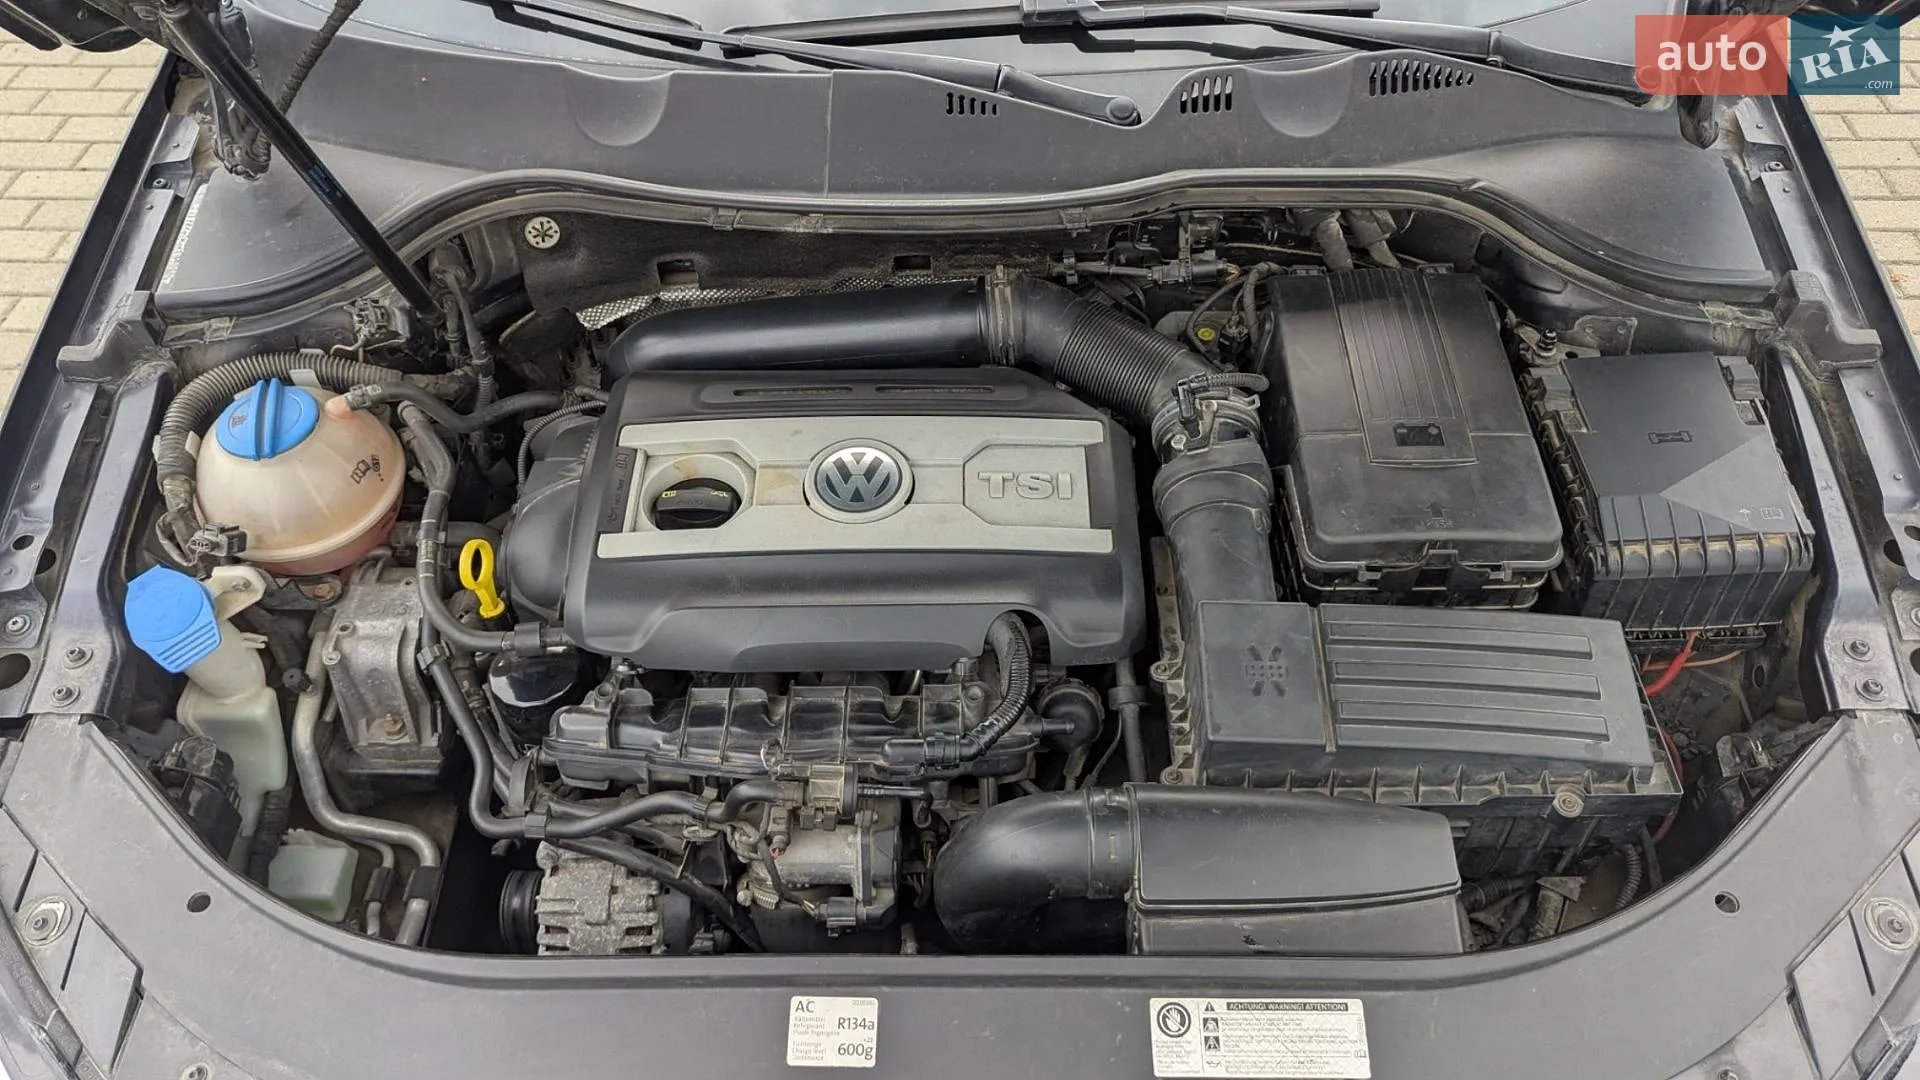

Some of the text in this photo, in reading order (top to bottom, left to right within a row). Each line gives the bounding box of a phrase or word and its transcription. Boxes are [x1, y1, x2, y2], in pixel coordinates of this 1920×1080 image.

[978, 471, 1073, 499] TSI
[795, 1000, 815, 1013] AC
[838, 1017, 875, 1030] R134a
[838, 1043, 874, 1061] 600g
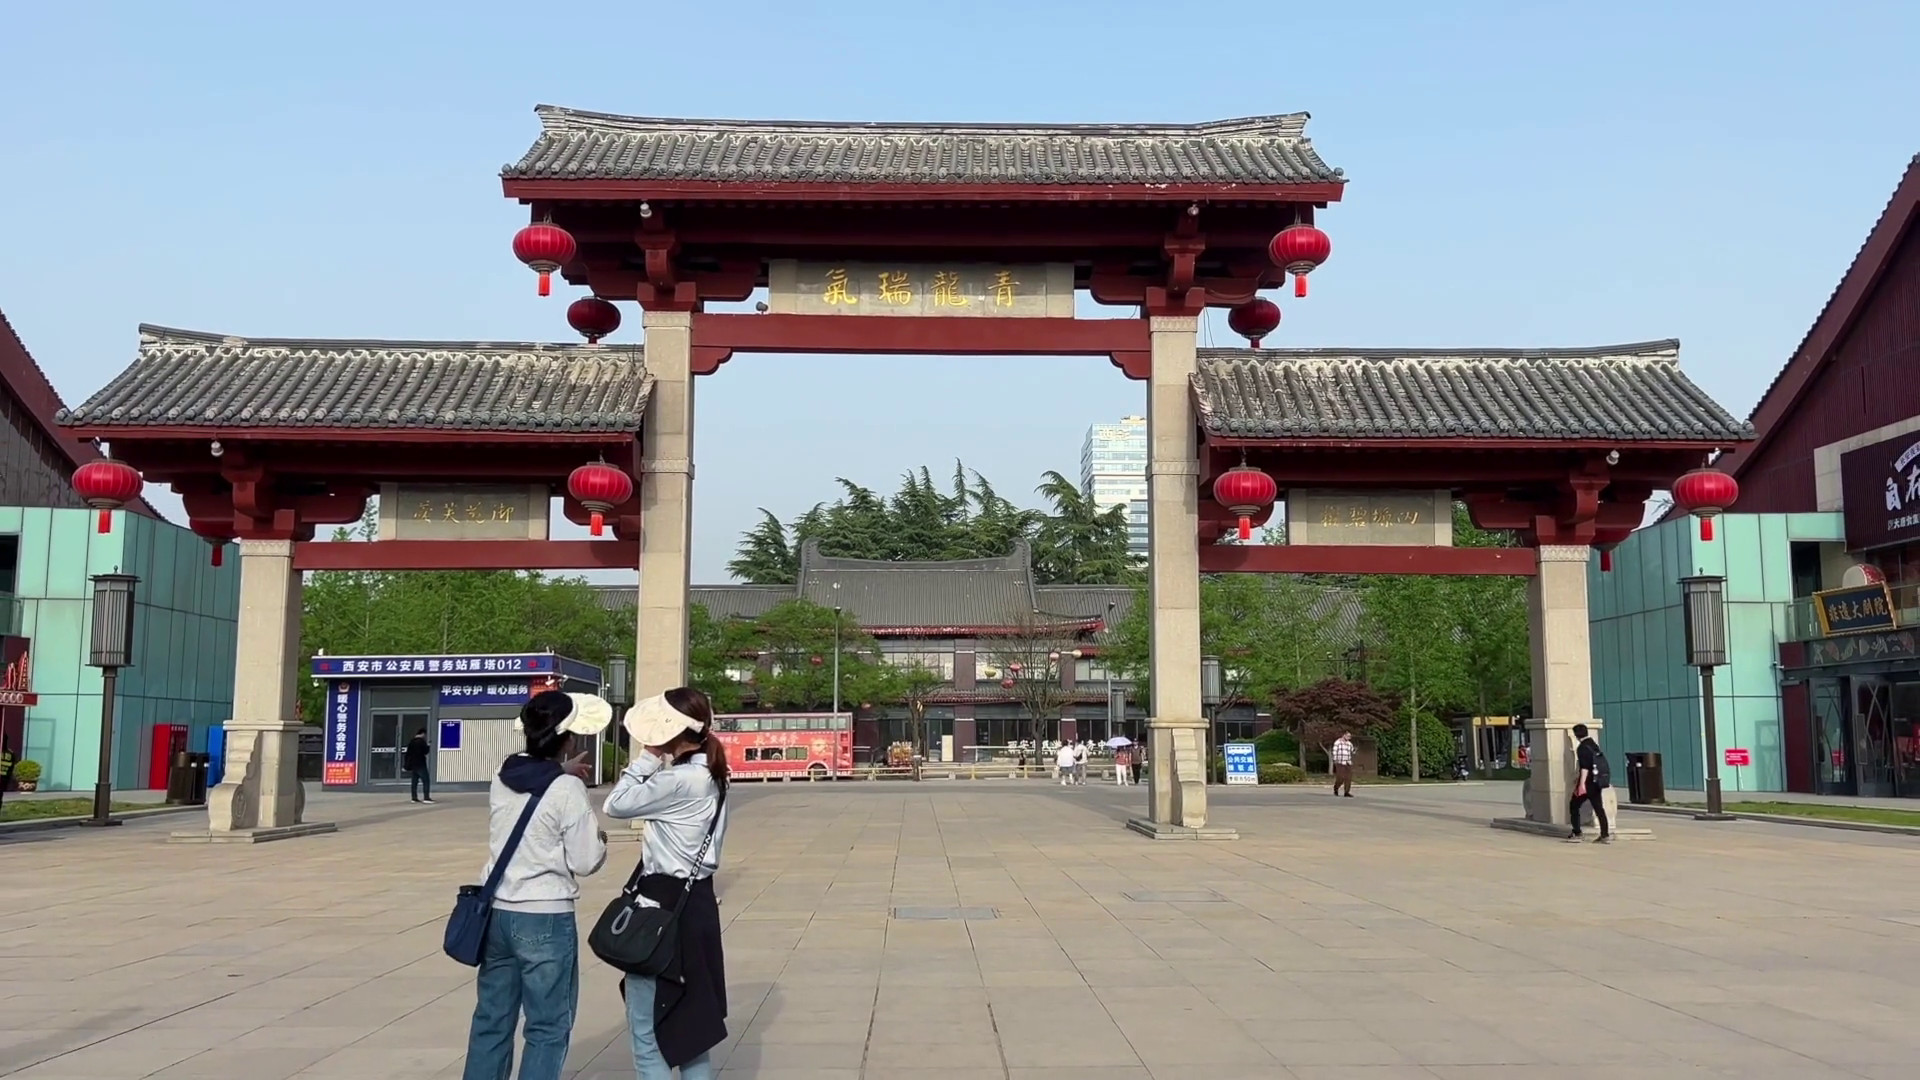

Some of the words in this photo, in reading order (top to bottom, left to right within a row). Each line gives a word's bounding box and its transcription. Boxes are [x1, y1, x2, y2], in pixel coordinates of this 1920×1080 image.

[441, 685, 483, 696] 平安守护
[487, 684, 528, 695] 暖心服务
[684, 833, 712, 892] FASHION

==*==

Task objective ▸ Only one stretch of the data is wanted: the lines from the one with "Some of the words" through the last, repeated exactly.

Answer for this exercise ▸
Some of the words in this photo, in reading order (top to bottom, left to right within a row). Each line gives a word's bounding box and its transcription. Boxes are [x1, y1, x2, y2], in pixel coordinates of this 1920×1080 image.

[441, 685, 483, 696] 平安守护
[487, 684, 528, 695] 暖心服务
[684, 833, 712, 892] FASHION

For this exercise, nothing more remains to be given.